Despite headwinds such as RBI rate hikes and rising commodity costs, the residential real estate market, particularly at the luxury and super-luxury ends, remains buoyant, says Aakash Ohri, Managing Director of the group and commercial director of DLF, the largest real estate in the country. real estate developer.

Confident in achieving his ₹8,000 crore revenue forecast for FY23, Ohri says there has been some postponement of property purchases due to an increase in home lending rates, but this does not didn’t have much of an effect on end-user purchases or DLF’s sales figures.

A bull cycle in real estate lately – in the past 18 months, 35 million square feet have been carved out by DLF – has seen real estate re-emerge as a stable investment relative to other related asset classes. at market or at high risk, which have been affected because of volatilities.

“Demand is buoyant and we remain cautious as some headwinds drive up the cost of credit for buyers. Premium and super premium homes have again emerged as a stable asset for investors, and it looks like this bull cycle is brewing. will continue for some time now,” he said. activity area in an interview.

In the first quarter of FY23, DLF Ltd. recorded consolidated revenue of ₹1,516,000,000, an increase of 22% year-on-year, and a margin of 53%. Net profit was ₹470 crore, up 39% year-on-year. New sales bookings reached ₹2,040 crore, a year-on-year growth of 101.

New launches

And nearly 75% of total sales came from new launches in the June quarter. For example, at The Camellias, DLF’s super luxury offerings generated a booking of ₹350 crore in the first quarter of FY23 and new offerings during the period generated sales of ₹1,532 crore.
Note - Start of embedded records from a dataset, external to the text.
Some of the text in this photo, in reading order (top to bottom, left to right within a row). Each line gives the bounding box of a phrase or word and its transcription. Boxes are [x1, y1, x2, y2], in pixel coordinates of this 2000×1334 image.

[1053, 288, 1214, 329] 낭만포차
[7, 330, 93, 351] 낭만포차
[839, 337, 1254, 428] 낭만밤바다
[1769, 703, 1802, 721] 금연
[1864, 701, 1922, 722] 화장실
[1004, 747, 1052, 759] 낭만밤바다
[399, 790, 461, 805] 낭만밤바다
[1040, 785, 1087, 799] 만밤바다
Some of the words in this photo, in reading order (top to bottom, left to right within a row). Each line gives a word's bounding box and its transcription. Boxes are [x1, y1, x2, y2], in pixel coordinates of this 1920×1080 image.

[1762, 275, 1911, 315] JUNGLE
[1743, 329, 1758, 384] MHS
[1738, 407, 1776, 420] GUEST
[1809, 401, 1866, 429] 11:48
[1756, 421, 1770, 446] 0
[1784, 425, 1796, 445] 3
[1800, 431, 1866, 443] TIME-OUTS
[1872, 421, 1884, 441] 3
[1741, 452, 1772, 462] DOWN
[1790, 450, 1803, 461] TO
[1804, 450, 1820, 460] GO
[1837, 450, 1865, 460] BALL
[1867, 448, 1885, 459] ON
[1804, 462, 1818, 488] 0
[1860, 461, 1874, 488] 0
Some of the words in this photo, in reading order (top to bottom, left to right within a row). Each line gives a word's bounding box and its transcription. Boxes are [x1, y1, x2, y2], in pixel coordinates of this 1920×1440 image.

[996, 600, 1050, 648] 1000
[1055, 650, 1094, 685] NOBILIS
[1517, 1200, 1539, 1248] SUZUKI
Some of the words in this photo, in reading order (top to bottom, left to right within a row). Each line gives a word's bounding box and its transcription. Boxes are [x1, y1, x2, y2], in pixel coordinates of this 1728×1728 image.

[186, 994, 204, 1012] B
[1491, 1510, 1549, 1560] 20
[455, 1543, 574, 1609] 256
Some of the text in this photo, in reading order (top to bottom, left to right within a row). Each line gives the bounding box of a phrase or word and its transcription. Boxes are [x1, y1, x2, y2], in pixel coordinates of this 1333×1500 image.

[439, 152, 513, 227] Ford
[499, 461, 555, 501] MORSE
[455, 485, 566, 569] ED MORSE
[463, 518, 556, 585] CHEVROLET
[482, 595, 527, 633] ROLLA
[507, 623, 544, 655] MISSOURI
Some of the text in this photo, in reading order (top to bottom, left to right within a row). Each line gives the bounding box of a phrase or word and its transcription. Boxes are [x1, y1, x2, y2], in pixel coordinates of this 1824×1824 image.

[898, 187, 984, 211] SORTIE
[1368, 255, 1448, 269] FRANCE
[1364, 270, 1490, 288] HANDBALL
According to Ohri, new DLF launches are up from the pre-Covid period, and there is also demand for larger homes. The average home size is around 1,800 to 2,000 square feet and goes up to 2,500 square feet; sizes are now 2,400 to 3,000 square feet.

“However, that doesn’t mean we don’t have the smaller 1,800 square foot offerings. But, the market value realizations for larger homes are higher,” he said, adding that: “While rising interest rates may pose some challenges, we expect the structural recovery in the residential segment to continue.

According to him, DLF’s recent launch, The Grove, another luxury low-rise offering in the freestanding floor segment, will see revenue contributions of over ₹1,700 crore (which will be reflected in the books from the T3FY23). The Grove will offer 292 luxury residences with 4 BHK, 4 BHK + entertainment lounge on plots ranging from 225 to 539 square meters.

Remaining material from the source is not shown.